El Tri's attack finally showed some fluid movement, and goals followed, but something is still missing in Mexico's game.Last time Mexico played Martinique in the Gold Cup was almost 20 years ago to the day and El Tri ran riot in a 9-0 victory. Luis Roberto Alves grabbed seven goals.
It wasn’t long ago that El Tri’s army of fans would have hoped for a similar demolition of the Caribbean side this Sunday in Denver, but considering the problems Jose Manuel “Chepo” de la Torre’s misfiring side has had this year, the most rational would’ve settled for the 3-1 victory to send Mexico into the Gold Cup quarterfinals.
Lingering problems persisted and Mexico failed to bury the game until a 90th minute goal from Miguel Ponce, but the win is more breathing space for a manager under pressure.
It was a bright start from Mexico, which threatened to overwhelm Martinique in the first 10 minutes, with Miguel Layun bursting down the right wing frequently and Marco Fabian playing with focus and penetration on the left.

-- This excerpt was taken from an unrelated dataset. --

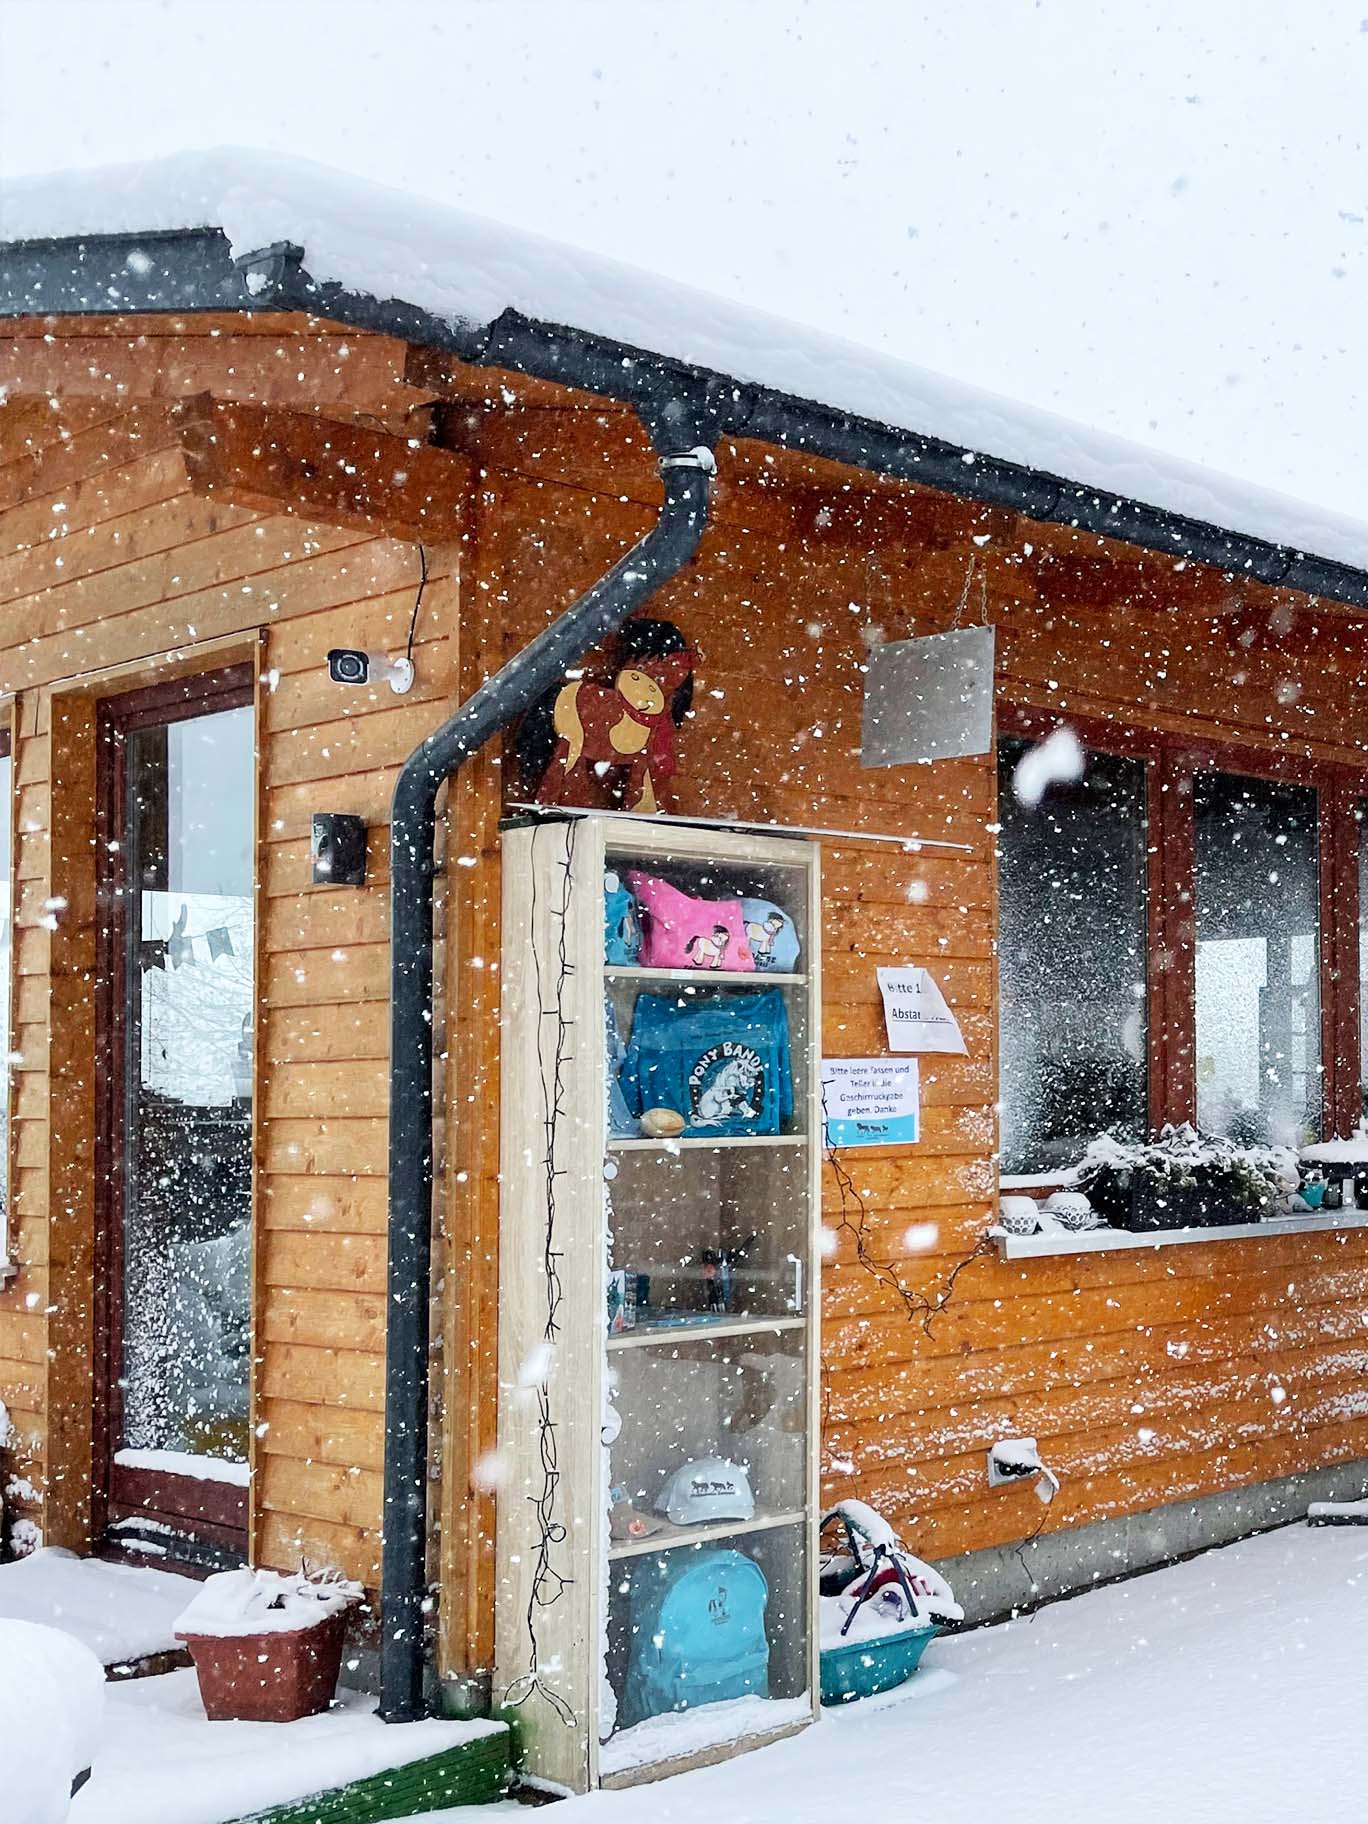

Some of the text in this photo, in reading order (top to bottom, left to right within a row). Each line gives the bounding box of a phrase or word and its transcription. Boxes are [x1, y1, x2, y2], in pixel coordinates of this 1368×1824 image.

[888, 982, 913, 994] Btte
[688, 1048, 718, 1085] PONY
[895, 1065, 910, 1074] und

Raul Jimenez should’ve perhaps done better from an exquisitely weighted pass from Layun in the 7th minute and there were other opportunities that Mexico managed to squander.
When Fabian put El Tri 1-0 up in the 21st and Luis Montes netted with a fine long-range effort just 13 minutes later, it looked like it was El Tri’s day and that the team would go on to win comfortably, perhaps with an avalanche of goals to pump some confidence through a squad that has been heavily criticized in the Mexican media.

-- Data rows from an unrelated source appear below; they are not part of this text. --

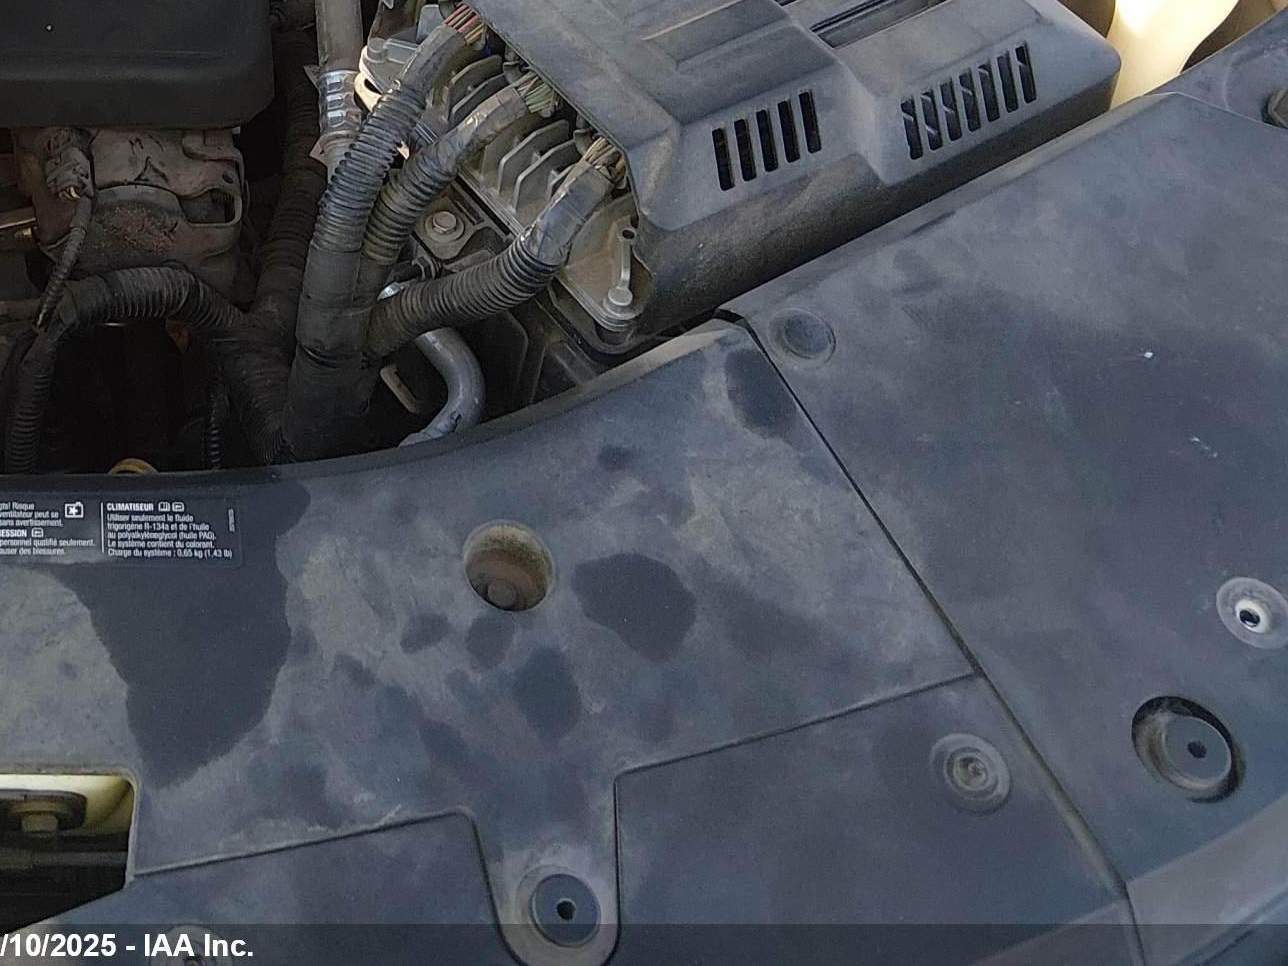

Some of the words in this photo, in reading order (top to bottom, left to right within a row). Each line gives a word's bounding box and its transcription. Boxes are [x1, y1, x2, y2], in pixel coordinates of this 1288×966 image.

[12, 502, 34, 510] Risque
[107, 503, 154, 511] CLIMATISEUR
[0, 510, 32, 518] ventilateur
[34, 510, 49, 518] peut
[51, 510, 58, 518] se
[144, 523, 169, 531] R-134a
[171, 523, 177, 531] et
[180, 523, 187, 531] de
[0, 538, 32, 546] personnel
[34, 538, 57, 546] qualifié
[59, 538, 95, 546] seulement.
[19, 547, 30, 555] des
[108, 550, 131, 558] Charge
[133, 550, 142, 558] du
[194, 550, 203, 558] kg

A bit of the fluidity in the final third seemed to be back, perhaps aided by Martinique playing with two strikers, which left Mexico the kind of space in the midfield that the team hasn’t had to work with recently.
The only negative in the final third was Rafa Marquez Lugo having one of his worst games in a Mexico shirt, but the attitude and energy of Fabian, Montes and Jimenez made up for the off-form Chivas forward’s no-show.
But the demons crept back and Layun went from hero to villain when he gave away a needless penalty right before halftime to give Martinique hope of getting a famous result.
To be fair to the Club America right back, he wasn’t the only one culpable of grave individual errors in that first half, it was just that his mistake led to Martinique’s goal.
For example, goalkeeper Moises Munoz had the ball stolen off him at the corner flag in the 11th and Martinique should’ve capitalized and, one minute later, Juan Carlos Valenzuela inexplicably failed to control the ball and gifted Martinique its best chance of the game.
After halftime, the defense tightened up, but the offense lost its sharpness, making for a frustrating 45 minutes. Getting the team as a whole to function well once again eluded El Tri, but the coach rightly pointed out that the overall performance was an improvement on both the dismal 2-1 loss against Panama and last Thursday’s 2-0 win over Canada.
De la Torre’s squad will fly to Atlanta on Monday to prepare for next Saturday’s quarterfinal. The coach will be under no illusions that plenty of improvement is still required if El Tri is to win its third consecutive Gold Cup.